● **To do**: Would you restate every entry that follows, word for word, and leave out the pictures?

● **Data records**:
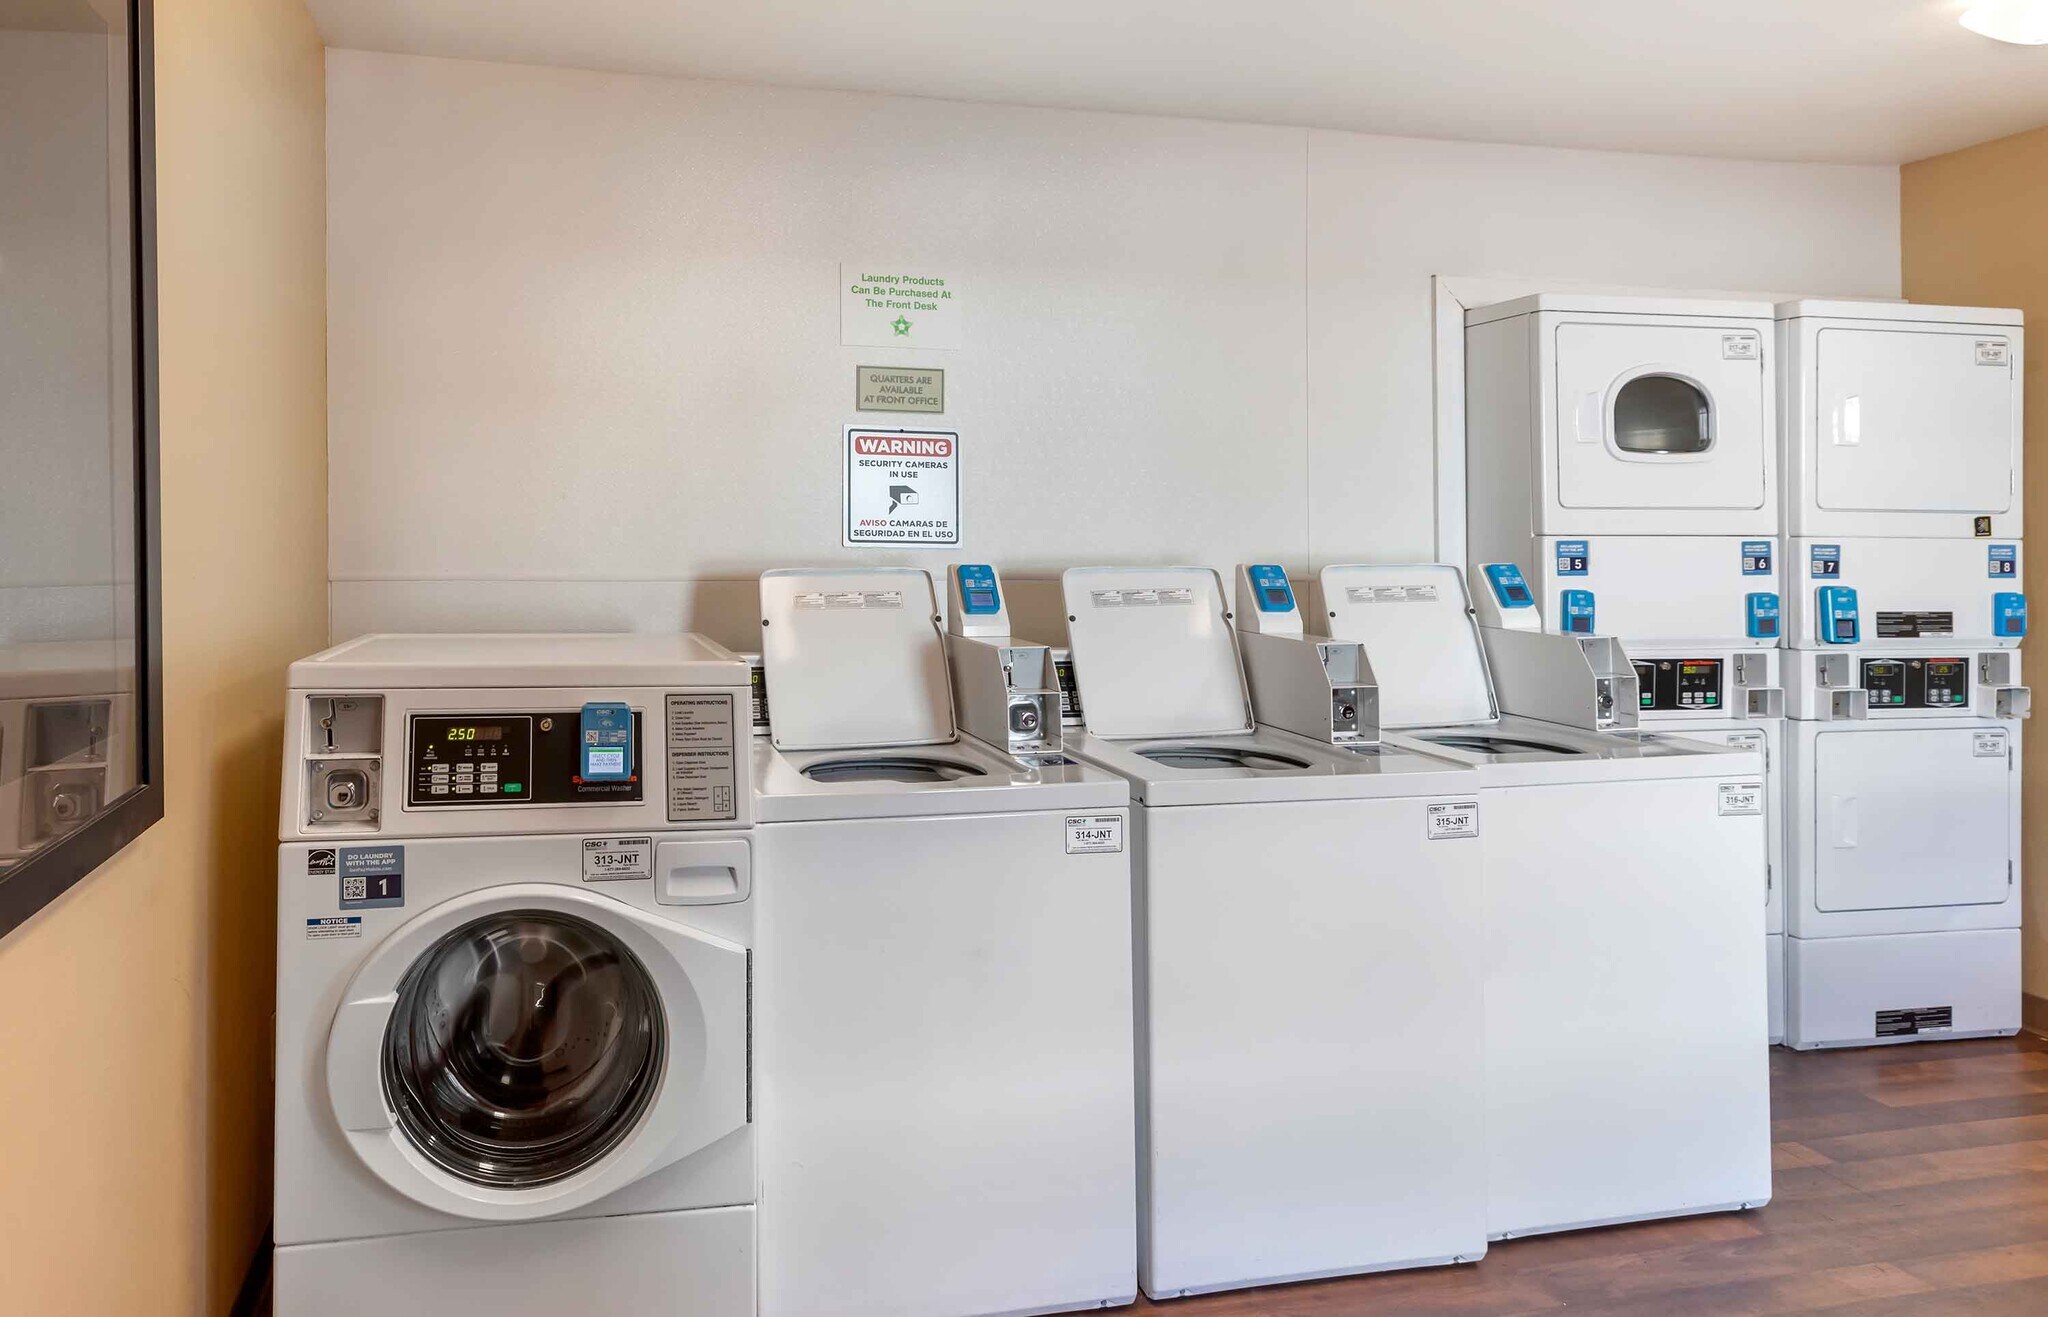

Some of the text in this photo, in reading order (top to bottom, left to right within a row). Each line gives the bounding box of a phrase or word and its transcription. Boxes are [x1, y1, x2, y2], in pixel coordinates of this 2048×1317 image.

[862, 273, 944, 286] Laundry Products
[851, 286, 952, 299] Can Be Purchased At
[866, 299, 938, 310] The Front Desk
[870, 374, 932, 384] QUARTERS ARE
[879, 386, 924, 395] AVAILABLE
[864, 395, 938, 405] AT FRONT OFFICE
[859, 438, 948, 454] WARNING
[859, 460, 948, 469] SECURITY CAMERAS
[1575, 559, 1582, 569] 5
[1759, 559, 1766, 568] 6
[1827, 563, 1834, 572] 7
[2004, 562, 2010, 572] 8
[448, 729, 475, 740] 2.50
[1436, 817, 1469, 826] 315-JNT
[1075, 830, 1112, 839] 314-JNT
[594, 854, 639, 864] 313-JNT
[379, 878, 386, 895] 1
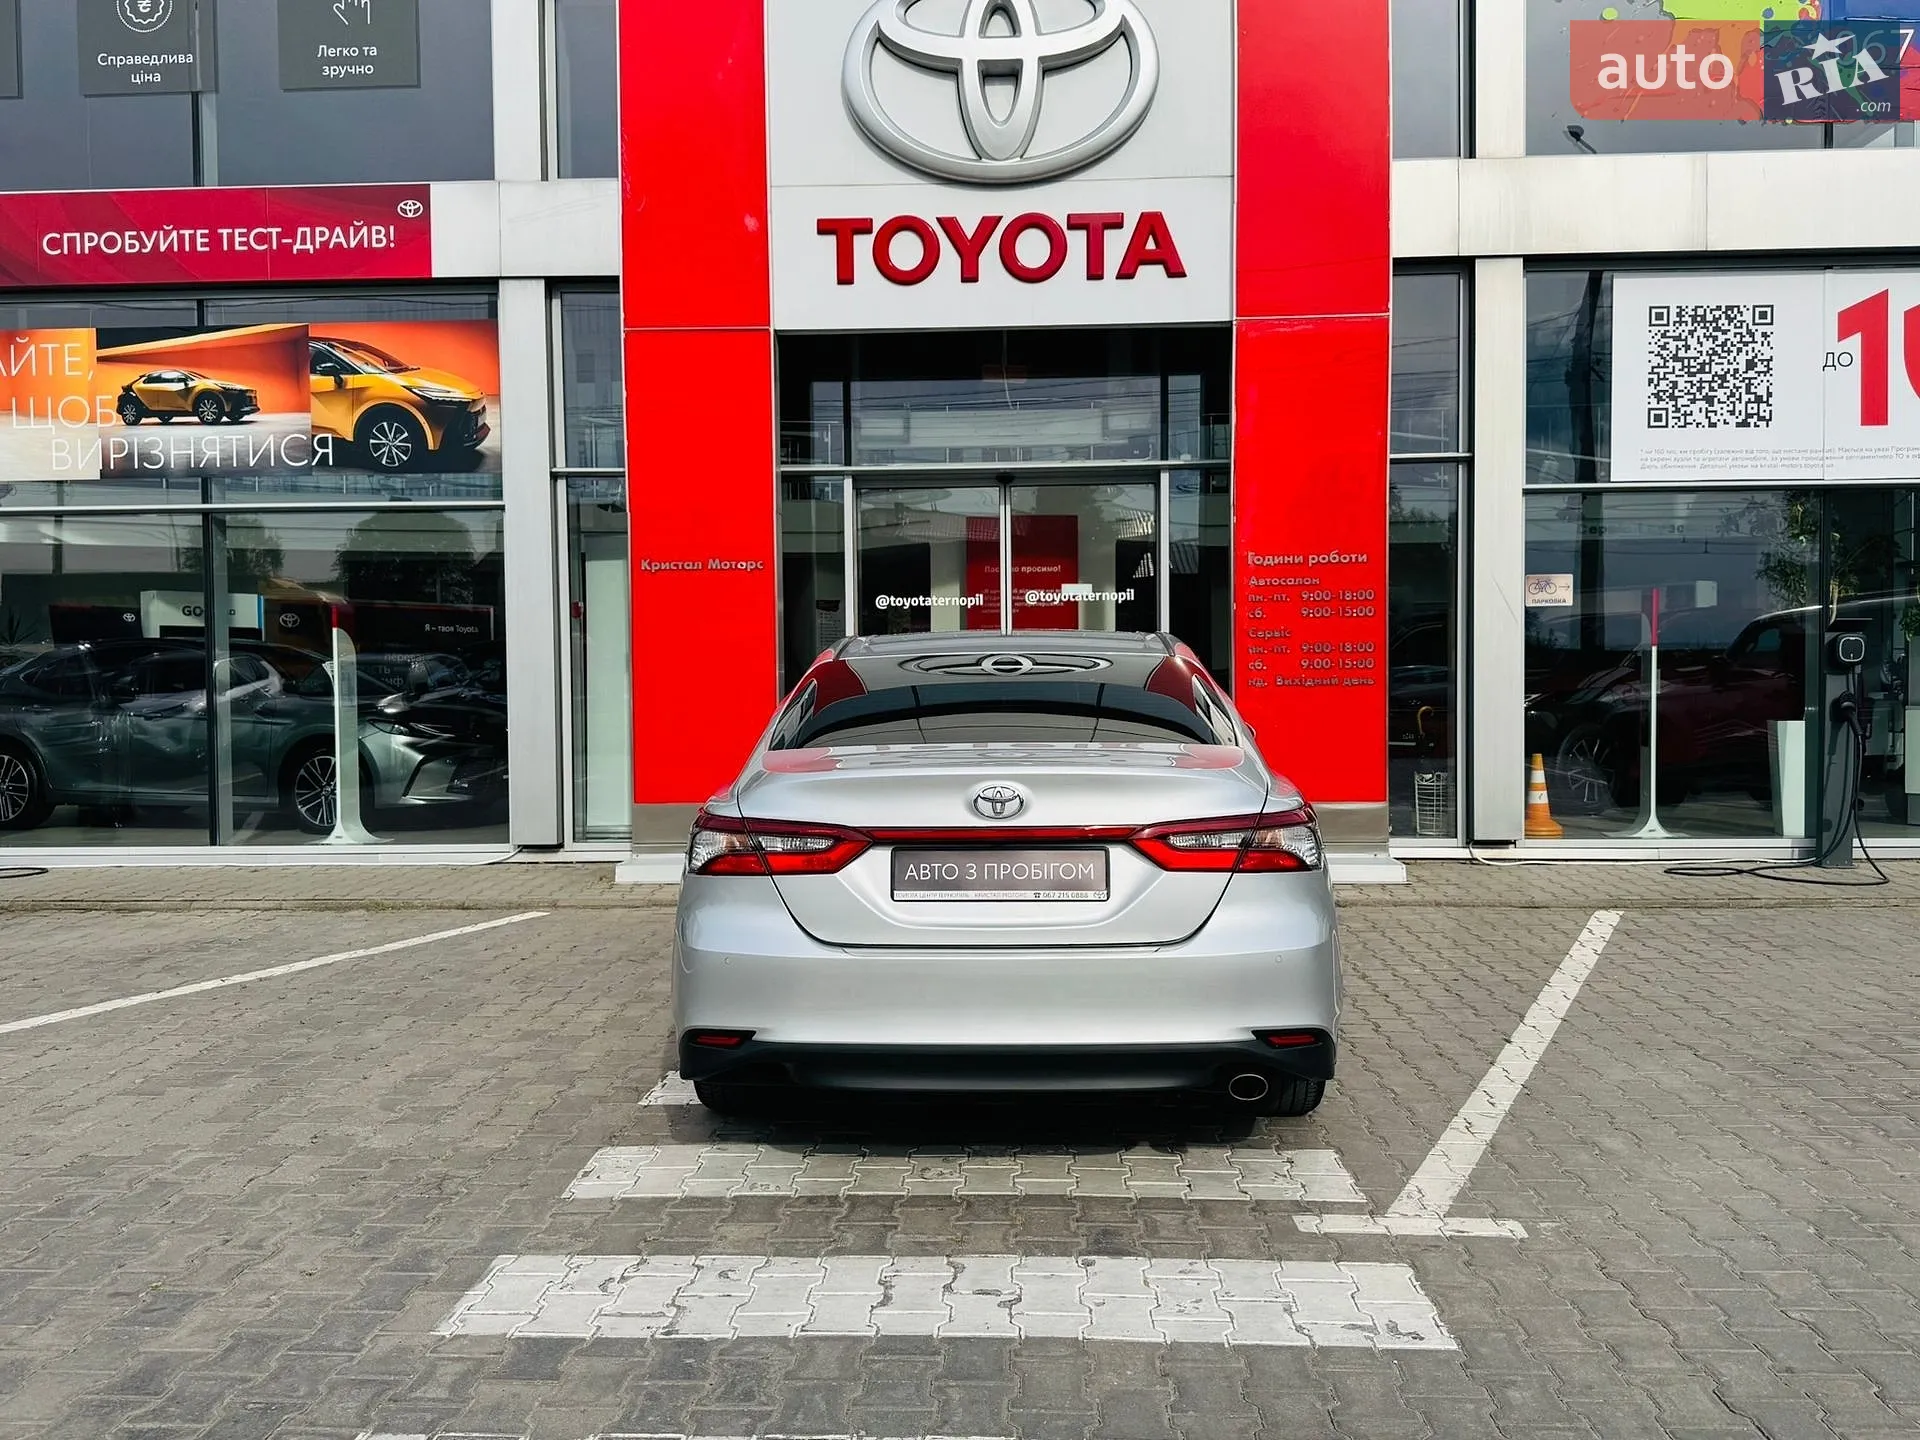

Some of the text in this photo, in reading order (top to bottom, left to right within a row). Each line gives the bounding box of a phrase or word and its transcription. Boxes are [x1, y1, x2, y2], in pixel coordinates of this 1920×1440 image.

[317, 44, 377, 59] Легко та
[97, 52, 194, 67] Справедлива
[130, 70, 161, 84] ціна
[321, 62, 375, 77] зручно
[42, 220, 396, 255] СПРОБУЙТЕ ТЕСТ-ДРАЙВ!
[816, 211, 1188, 286] TOYOTA
[12, 395, 116, 435] ЩОБ
[51, 433, 334, 472] ВИРІЗНЯТИСЯ
[641, 558, 763, 572] Кристал Моторс
[1247, 550, 1368, 567] Години роботи
[1248, 576, 1320, 586] Автосалон
[875, 593, 984, 610] @toyotaternopil
[1025, 588, 1135, 606] @toyotaternopil
[1248, 607, 1267, 618] сб.
[1248, 626, 1291, 639] Сервіс
[1248, 659, 1267, 670] сб.
[1248, 674, 1375, 687] нд. Вихідний день
[905, 862, 1095, 881] АВТО З ПРОБІГОМ

● **Exercise answer**:
Some of the text in this photo, in reading order (top to bottom, left to right within a row). Each line gives the bounding box of a phrase or word and its transcription. Boxes are [x1, y1, x2, y2], in pixel coordinates of this 2048×1317 image.

[862, 273, 944, 286] Laundry Products
[851, 286, 952, 299] Can Be Purchased At
[866, 299, 938, 310] The Front Desk
[870, 374, 932, 384] QUARTERS ARE
[879, 386, 924, 395] AVAILABLE
[864, 395, 938, 405] AT FRONT OFFICE
[859, 438, 948, 454] WARNING
[859, 460, 948, 469] SECURITY CAMERAS
[1575, 559, 1582, 569] 5
[1759, 559, 1766, 568] 6
[1827, 563, 1834, 572] 7
[2004, 562, 2010, 572] 8
[448, 729, 475, 740] 2.50
[1436, 817, 1469, 826] 315-JNT
[1075, 830, 1112, 839] 314-JNT
[594, 854, 639, 864] 313-JNT
[379, 878, 386, 895] 1

Some of the text in this photo, in reading order (top to bottom, left to right within a row). Each line gives the bounding box of a phrase or word and its transcription. Boxes are [x1, y1, x2, y2], in pixel coordinates of this 1920×1440 image.

[317, 44, 377, 59] Легко та
[97, 52, 194, 67] Справедлива
[130, 70, 161, 84] ціна
[321, 62, 375, 77] зручно
[42, 220, 396, 255] СПРОБУЙТЕ ТЕСТ-ДРАЙВ!
[816, 211, 1188, 286] TOYOTA
[12, 395, 116, 435] ЩОБ
[51, 433, 334, 472] ВИРІЗНЯТИСЯ
[641, 558, 763, 572] Кристал Моторс
[1247, 550, 1368, 567] Години роботи
[1248, 576, 1320, 586] Автосалон
[875, 593, 984, 610] @toyotaternopil
[1025, 588, 1135, 606] @toyotaternopil
[1248, 607, 1267, 618] сб.
[1248, 626, 1291, 639] Сервіс
[1248, 659, 1267, 670] сб.
[1248, 674, 1375, 687] нд. Вихідний день
[905, 862, 1095, 881] АВТО З ПРОБІГОМ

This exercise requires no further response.